If you’re taking out a home mortgage loan and are thinking of getting it refinanced later, you should be happy to see that you can almost certainly obtain it at any time you want. However, if you obtain a mortgage and the interest rates begin going in a manner that is considerably favorable to you, you should not apply for refinancing automatically.

Why? Because in the first place, the difference in the new interest rate and the current interest rate should be sufficient to really reward you with some benefits. In the second place, nearly all lenders will most definitely counsel you to refinance only after your loan has matured for a certain time, let’s say least of 12 months or so.

However, it is good to take this into consideration only when interest rates have remained more or less the same and have not changed over time. Now, if at any moment after you have taken out a mortgage loan the market trend begins tipping onto your advantage, it’s time to consider refinancing your loan. Bear in mind that interest rates are at many times unstable and if you wait for a very long time for them to dip further, you might miss out on a very nice chance to take advantage of a good deal.

You Should Consider The Two Percent Rule

If the interest rates have fallen a tiny bit, this should not be the sole reason to justify your decision to refinance. You should consider refinancing only when the new interest rate is no less than 2% lower as compared to the rate you are presently paying. A little 1% difference in interest should not be enough reason to make a switch.

Also, keep in mind that you will have to pay additional costs which are commonly associated with a new loan. Should you consider refinancing for your mortgage, don’t forget that you will need to pay extra fees for closing. You should now realize that an interest rate as low as one percent will not substantially cover the expense.

You Should Retain No Late Payments

You could proceed and refinance a mortgage provided you have consistently and faithfully paid your loan within the last 12 months. If you have never incurred a behind schedule payment for the period of the past year, you can get the shift and have your mortgage refinanced.

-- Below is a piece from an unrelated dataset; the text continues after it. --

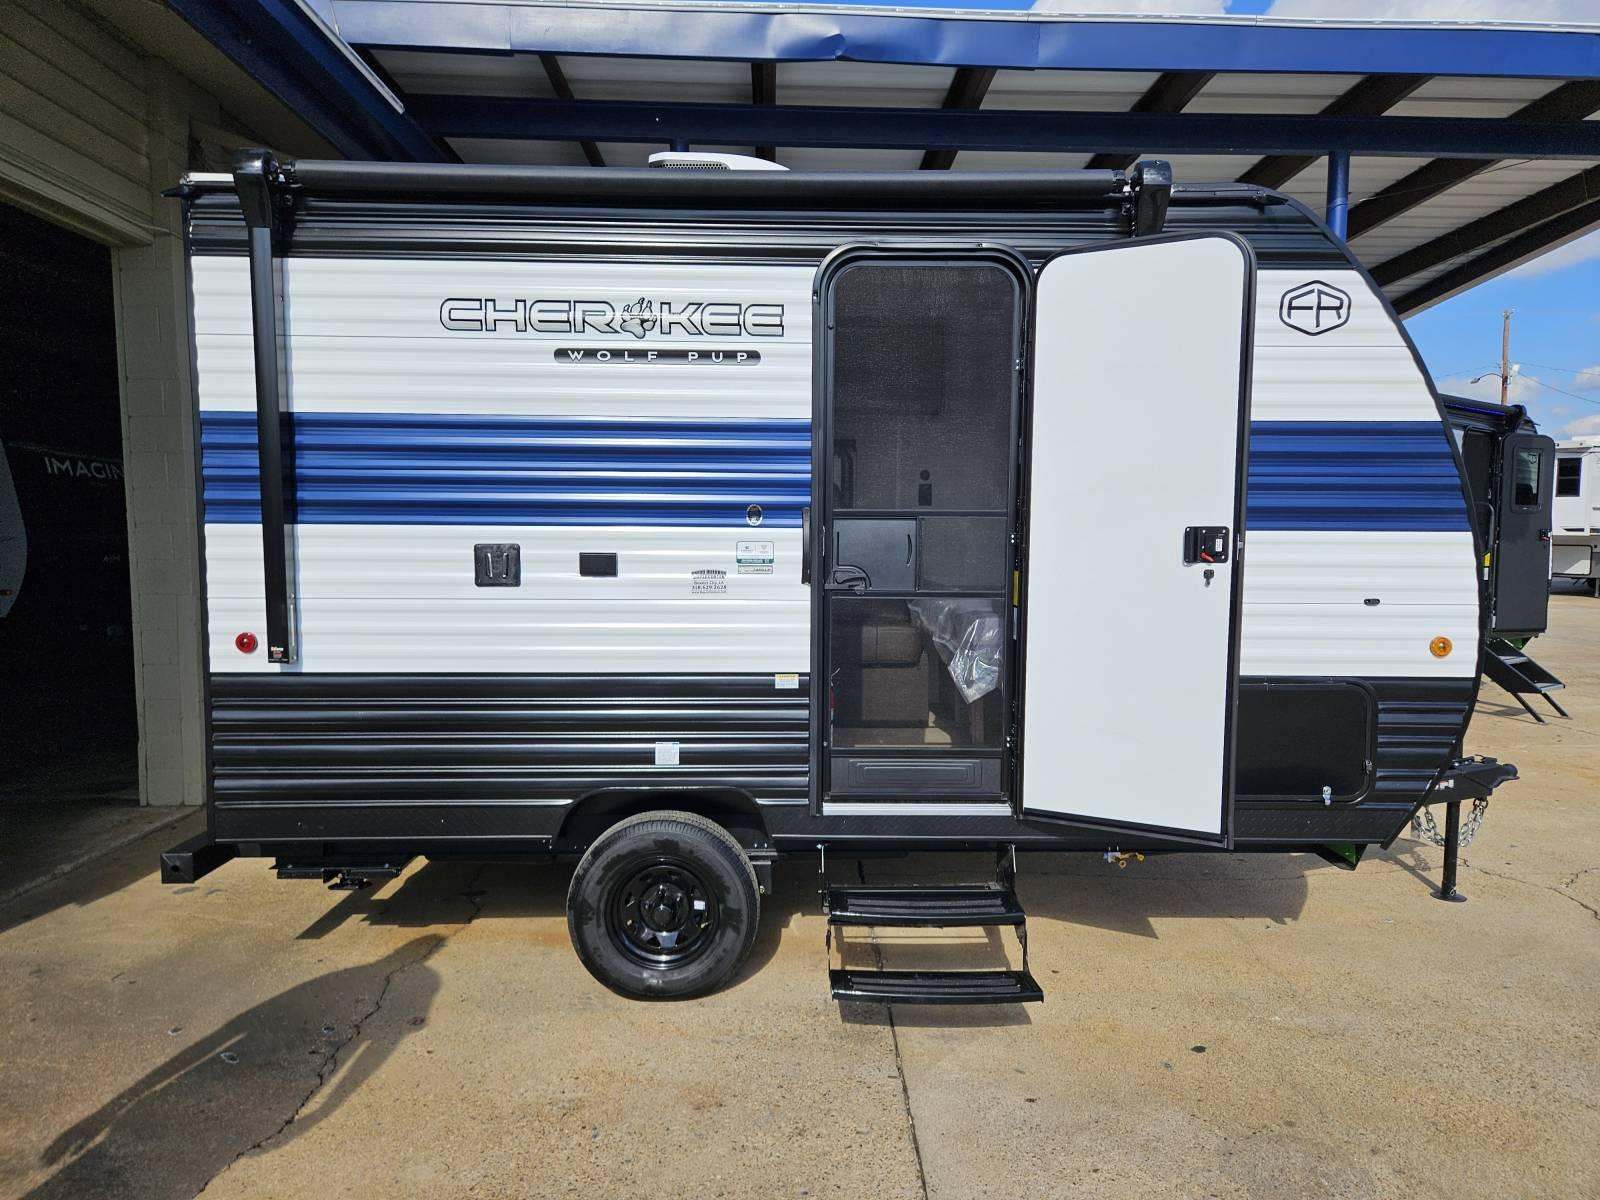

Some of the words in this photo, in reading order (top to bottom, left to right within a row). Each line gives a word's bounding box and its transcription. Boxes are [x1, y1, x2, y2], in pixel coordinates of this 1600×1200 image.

[439, 297, 786, 339] CHERKEE
[567, 350, 658, 363] WOLF
[688, 351, 748, 364] PUP

You Should Have By Now Built Up Equity

If you’re contemplating to refinance a mortgage sooner or later, you should first try to examine if you have already built up equity. Depending on the lender, you should hold a minimum of at least 5 percent or ten percent equity before you could consider refinancing as a possible alternative.

Is mortgage refinancing a good option for you?

Of course, you can at all times consider refinancing your mortgage at any time you see most comfortable. The only key is to consider the time factor, together with the kind of opportunity being offered by the market.

In the end, refinancing is almost equal to actually acquiring a new loan. Only be ready for the same procedures and costs that you will need to go through all over again.